What is Parkour?
It’s not just doing backflips and running up walls.
To some of us, being efficient means not getting caught behind a group of school children or tourists in line for the T. To parkour athletes, it’s about a whole lot more than that. “Parkour is a physical discipline that involves overcoming obstacles in one’s environment using the human body without any additional tools or equipment,” explains Jackie Hai, a community organizer at New England Parkour. “Parkour is also just a way of looking at your environment through a different lens. You start to see opportunities where once there were obstacles.”
So what, exactly, does that mean? Think of it as turning your surroundings into a physically-challenging obstacle course. Typical parkour motions could be scaling walls, vaulting and swinging over tables and other obstacles, and jumping over things in your path. Parkour is normally a non-competitive sport and can be practiced anywhere—even walking down the street—but there are also a number of gyms in the Boston area offering classes for first-timers all the way up to experts.
The typical parkour athlete trains using body weight exercises like pull-ups and push-ups, weight training, and, of course, learning the specific parkour movements, which, Hai says, makes it a great workout. “It doesn’t just train one group of muscles; it trains all of the muscles, and also balance, coordination, agility, quick thinking, and adapting yourself to changing situations. It’s a mental workout and it’s a physical workout.”
Dylan Polin of New England Sports Academy in Westwood offers an even simpler definition for parkour. “The strict definition of it is you get from point A to point B as quickly as possible,” he says. That explanation may surprise you if you’ve seen the crazy difficult-looking stunts performed in YouTube videos labeled as parkour, but Polin says those tricks may actually fall under free running, a sport closely related to parkour and one he teaches at New England Sports Academy.
“Inefficient moves like flips and spins and traveling backwards wouldn’t constitute as parkour because it’s not trying to get to that point B,” Polin explains. “Parkour is efficiency, and free running is where people start to take the moves laid out by parkour and make them a little more expressive, so now you’re working with flash.”
Parkour also has a mental component, Polin says. “It’s conquering fears, and it’s learning to master that little voice in your head saying, ‘No, I shouldn’t be running at this inanimate object,'” he says.

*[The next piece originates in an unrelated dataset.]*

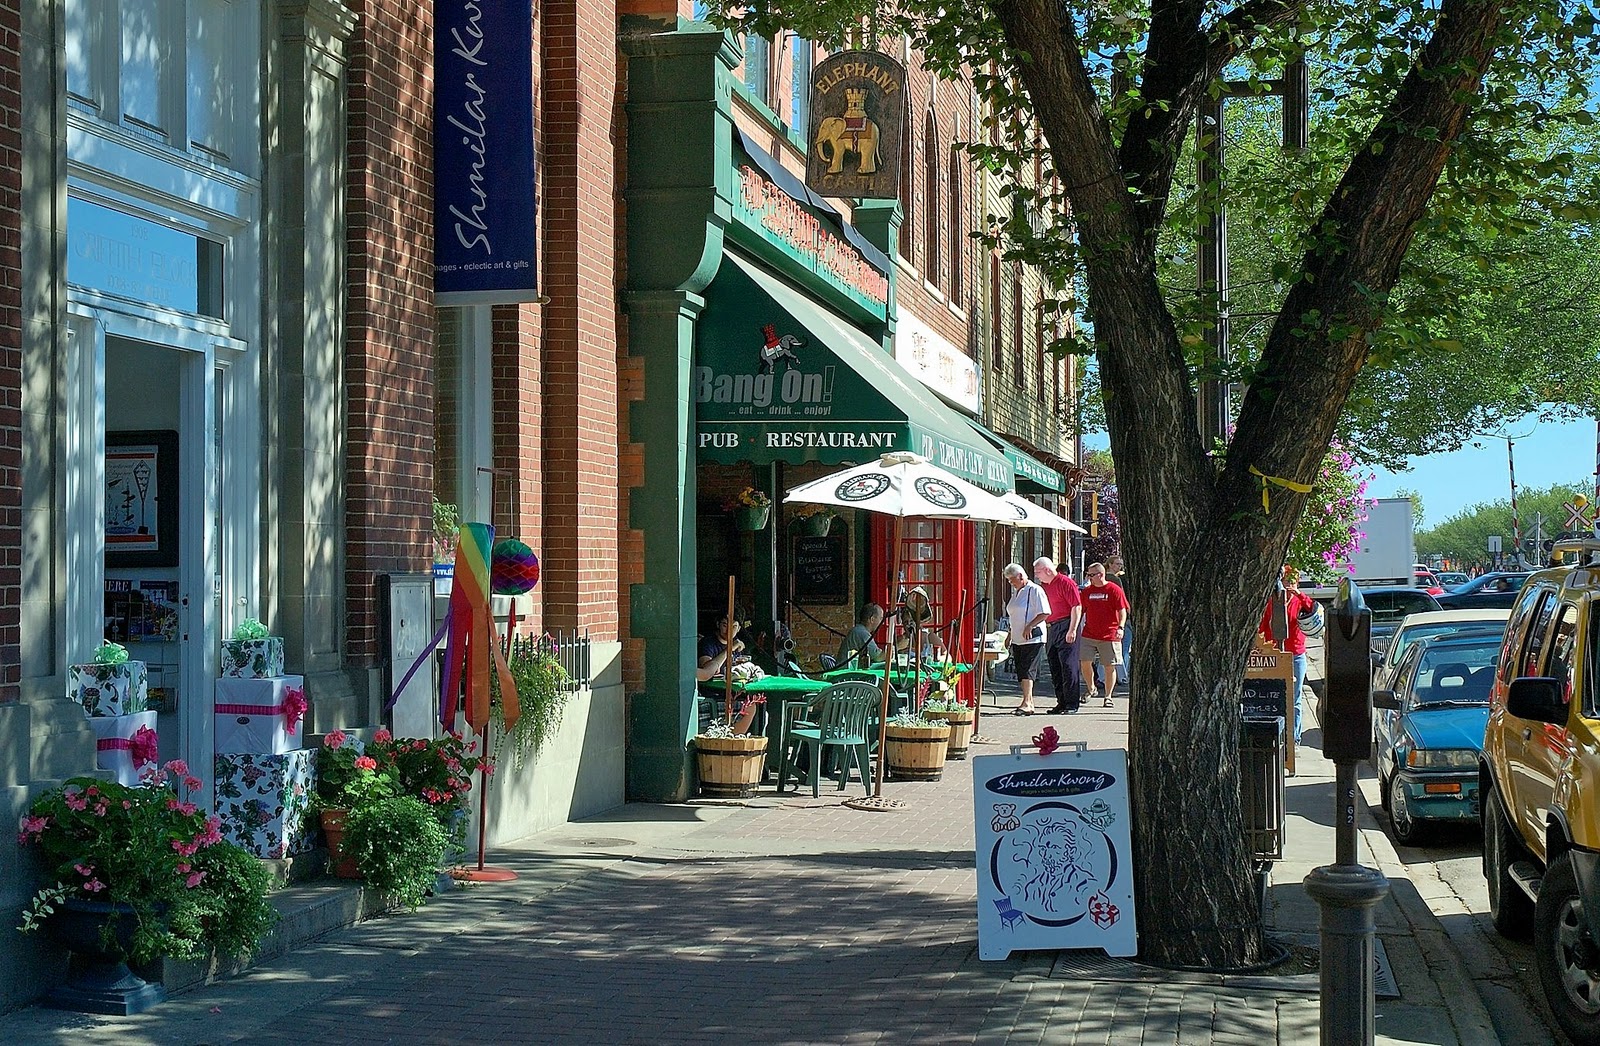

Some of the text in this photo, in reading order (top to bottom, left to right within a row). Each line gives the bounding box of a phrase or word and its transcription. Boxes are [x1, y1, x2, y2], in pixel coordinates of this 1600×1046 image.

Based on exercises and tactics developed for the French army, parkour reached its current iteration in the 1990s and has only grown in popularity since. “At first, there were these classes that were in existing gymnastics gyms, or even rock climbing gyms,” Hai says. “Eventually, as more traction was gained, these parkour-specific facilities started opening up across the country.” Now, Hai says, the New England Parkour website alone has close to 2,000 registered members.
This growth is at least partially attributable to mainstream television shows like Ninja Warrior, in which athletes—many of them parkour “traceurs,” as they’re called—complete an insanely difficult obstacle course, as well as the sudden ubiquitousness of parkour-esque extreme races and mud runs. But Hai is quick to point out that, while she is glad parkour is reaching the mainstream, the typical depiction of the sport isn’t a totally accurate portrayal. “Parkour isn’t just what you see in the YouTube videos or the big action movies with all the crazy stunts,” she says. “That’s sort of the glamorized version of it in the mainstream media.”
And while those who associate parkour only with that glamorized representation may think it’s only for the extreme athlete, both Polin and Hai say that the sport is open to anybody. “Anybody can do it. You’d be surprised at how quickly your body adapts to moving around,” Polin says, adding that the community stresses safe skill development and advancement and offers introductory classes that teach the fundamentals. “It’s what our bodies are kind of meant to be doing. Maybe not all the crazy flips, but it’s using our bodies to their full potential.”